▶ **Required action**
Your reply should reproduce all the data below exactly while excluding the pictures.

Annotated photo localization data:
+ + + + +
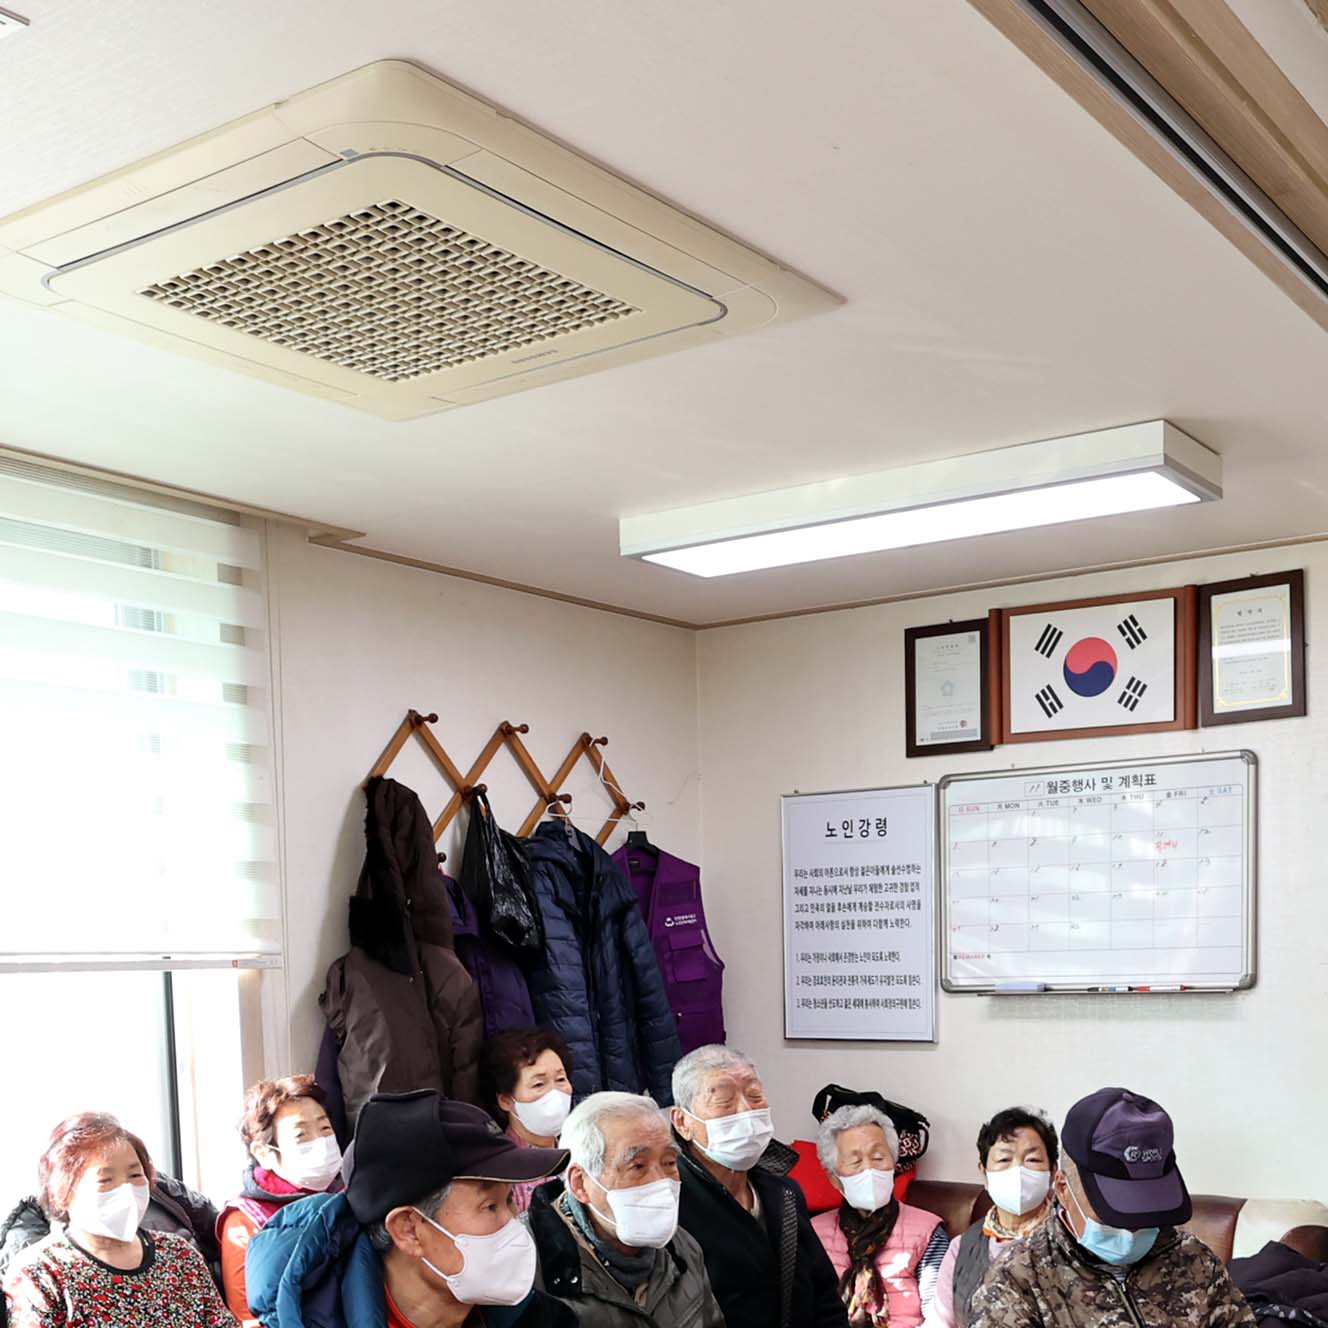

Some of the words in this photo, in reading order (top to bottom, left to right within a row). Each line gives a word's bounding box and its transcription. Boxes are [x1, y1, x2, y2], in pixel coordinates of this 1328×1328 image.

[1046, 777, 1096, 794] 월중행사
[1101, 776, 1114, 790] 및
[1118, 773, 1157, 788] 계획표
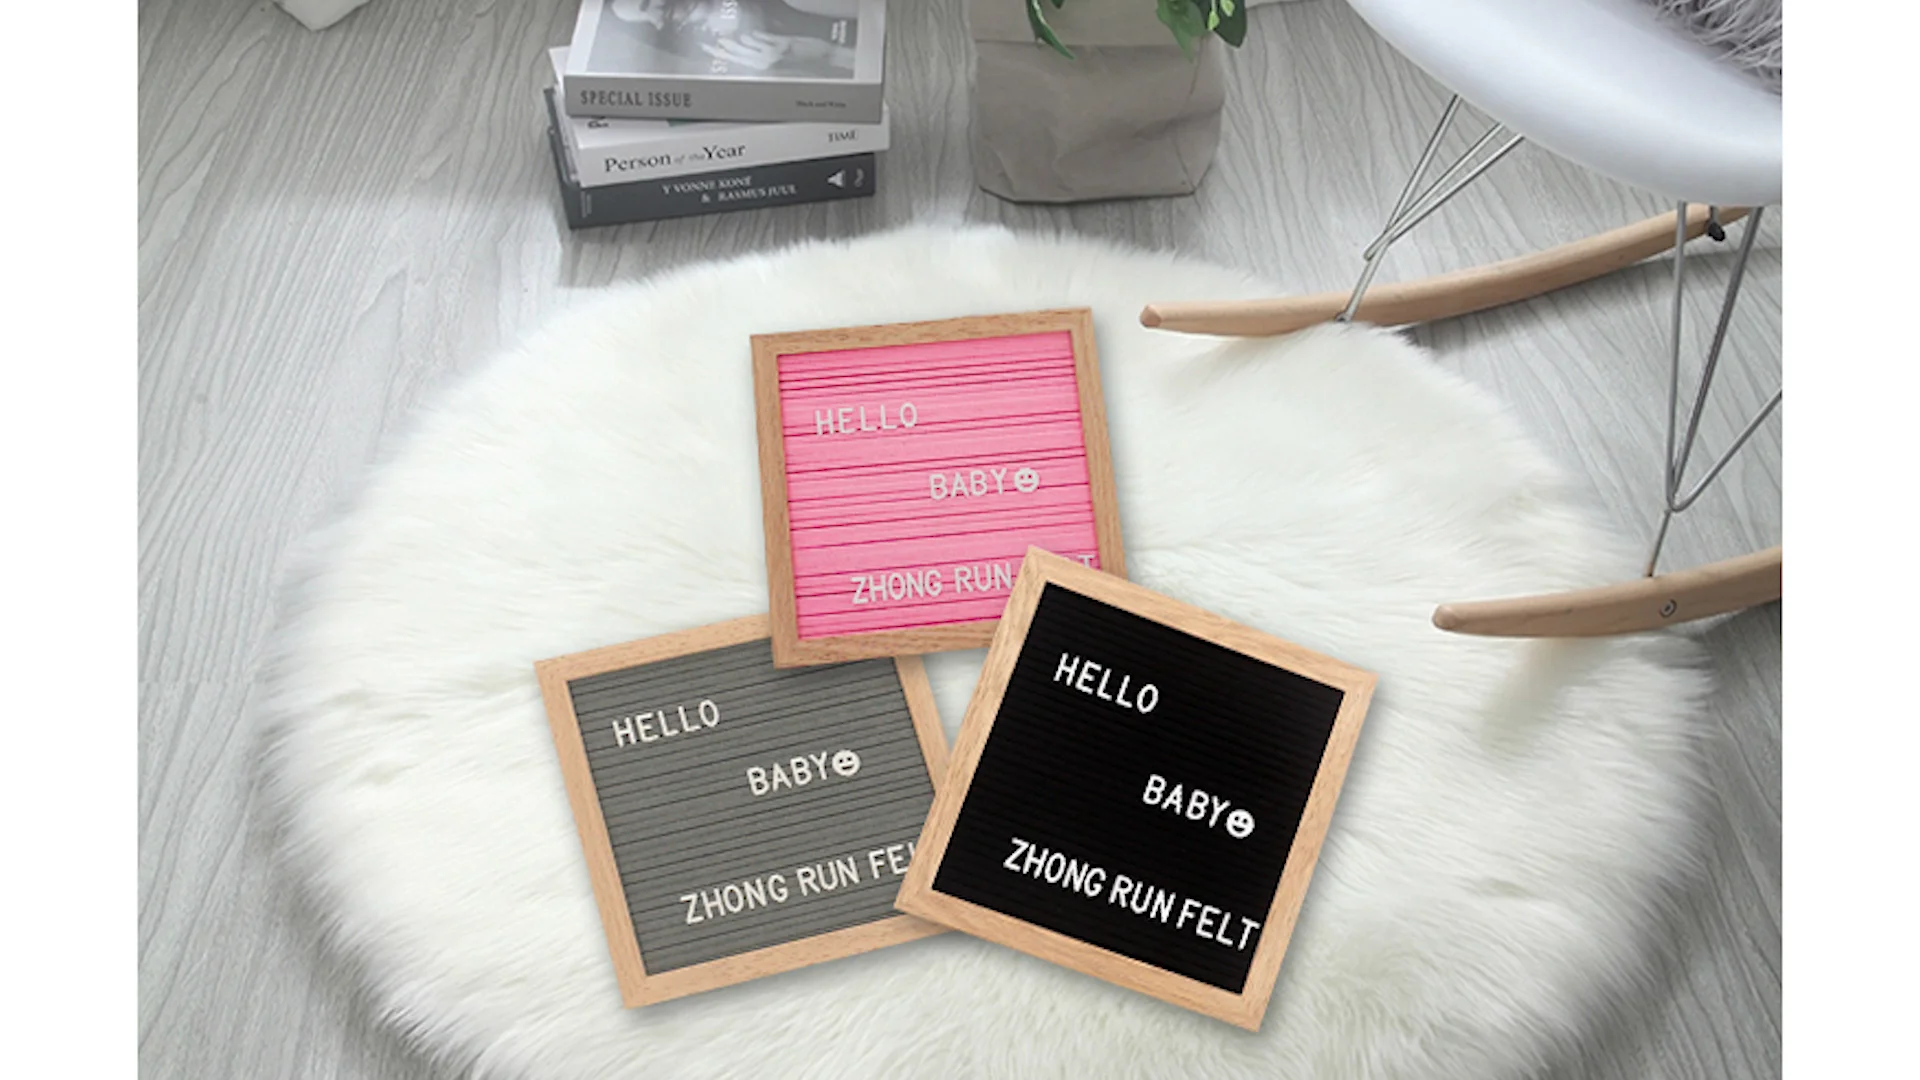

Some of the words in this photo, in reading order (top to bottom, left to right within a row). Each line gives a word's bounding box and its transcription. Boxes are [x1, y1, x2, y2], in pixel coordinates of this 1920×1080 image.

[580, 90, 644, 107] SPECIAL
[648, 91, 694, 108] ISSUE
[604, 153, 672, 172] Person
[702, 145, 746, 160] Year
[828, 131, 857, 143] TIME
[814, 402, 918, 436] HELLO
[929, 468, 1007, 500] BABY
[851, 569, 942, 605] ZHONG
[954, 562, 1013, 594] RUN
[1053, 652, 1160, 714] HELLO
[612, 699, 721, 748] HELLO
[746, 751, 829, 796] BABY
[1142, 773, 1231, 828] BABY
[680, 873, 788, 925] ZHONG
[796, 856, 860, 896] RUN
[1003, 837, 1107, 898] ZHONG
[1108, 874, 1176, 924] RUN
[1176, 898, 1262, 951] FELT
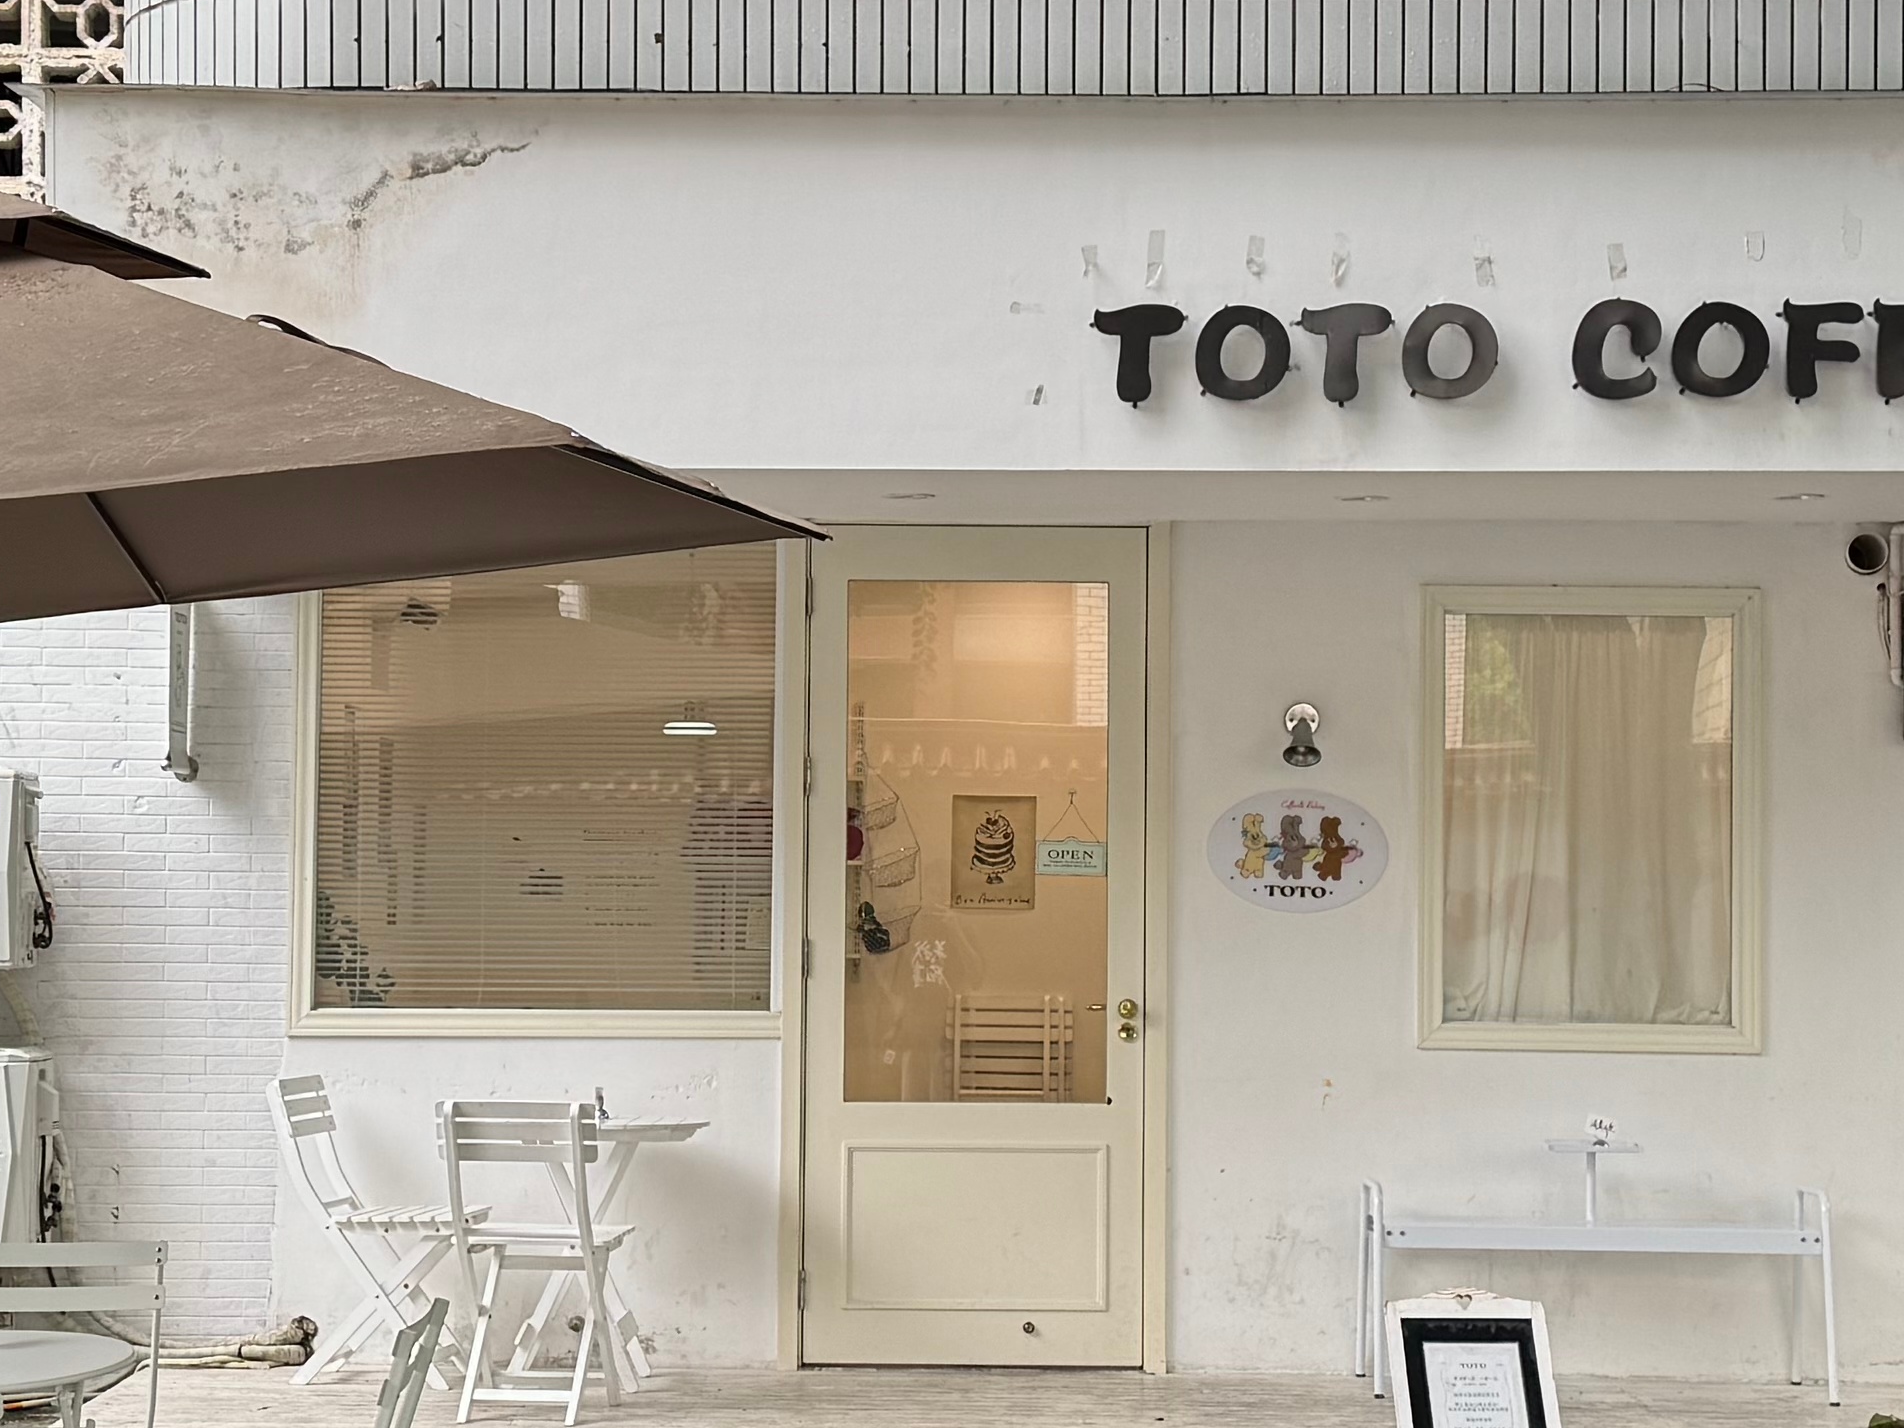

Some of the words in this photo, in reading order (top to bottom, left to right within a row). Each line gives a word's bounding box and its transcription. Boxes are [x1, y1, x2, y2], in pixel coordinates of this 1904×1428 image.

[1092, 302, 1499, 403] TOTO
[1047, 849, 1094, 860] OPEN
[1264, 884, 1327, 899] TOTO
+ + + + +
▶ **Response**
Some of the words in this photo, in reading order (top to bottom, left to right within a row). Each line gives a word's bounding box and its transcription. Boxes are [x1, y1, x2, y2], in pixel coordinates of this 1328×1328 image.

[1046, 777, 1096, 794] 월중행사
[1101, 776, 1114, 790] 및
[1118, 773, 1157, 788] 계획표

Some of the words in this photo, in reading order (top to bottom, left to right within a row). Each line gives a word's bounding box and its transcription. Boxes are [x1, y1, x2, y2], in pixel coordinates of this 1920×1080 image.

[580, 90, 644, 107] SPECIAL
[648, 91, 694, 108] ISSUE
[604, 153, 672, 172] Person
[702, 145, 746, 160] Year
[828, 131, 857, 143] TIME
[814, 402, 918, 436] HELLO
[929, 468, 1007, 500] BABY
[851, 569, 942, 605] ZHONG
[954, 562, 1013, 594] RUN
[1053, 652, 1160, 714] HELLO
[612, 699, 721, 748] HELLO
[746, 751, 829, 796] BABY
[1142, 773, 1231, 828] BABY
[680, 873, 788, 925] ZHONG
[796, 856, 860, 896] RUN
[1003, 837, 1107, 898] ZHONG
[1108, 874, 1176, 924] RUN
[1176, 898, 1262, 951] FELT

Some of the words in this photo, in reading order (top to bottom, left to right within a row). Each line gives a word's bounding box and its transcription. Boxes are [x1, y1, x2, y2], in pixel coordinates of this 1904×1428 image.

[1092, 302, 1499, 403] TOTO
[1047, 849, 1094, 860] OPEN
[1264, 884, 1327, 899] TOTO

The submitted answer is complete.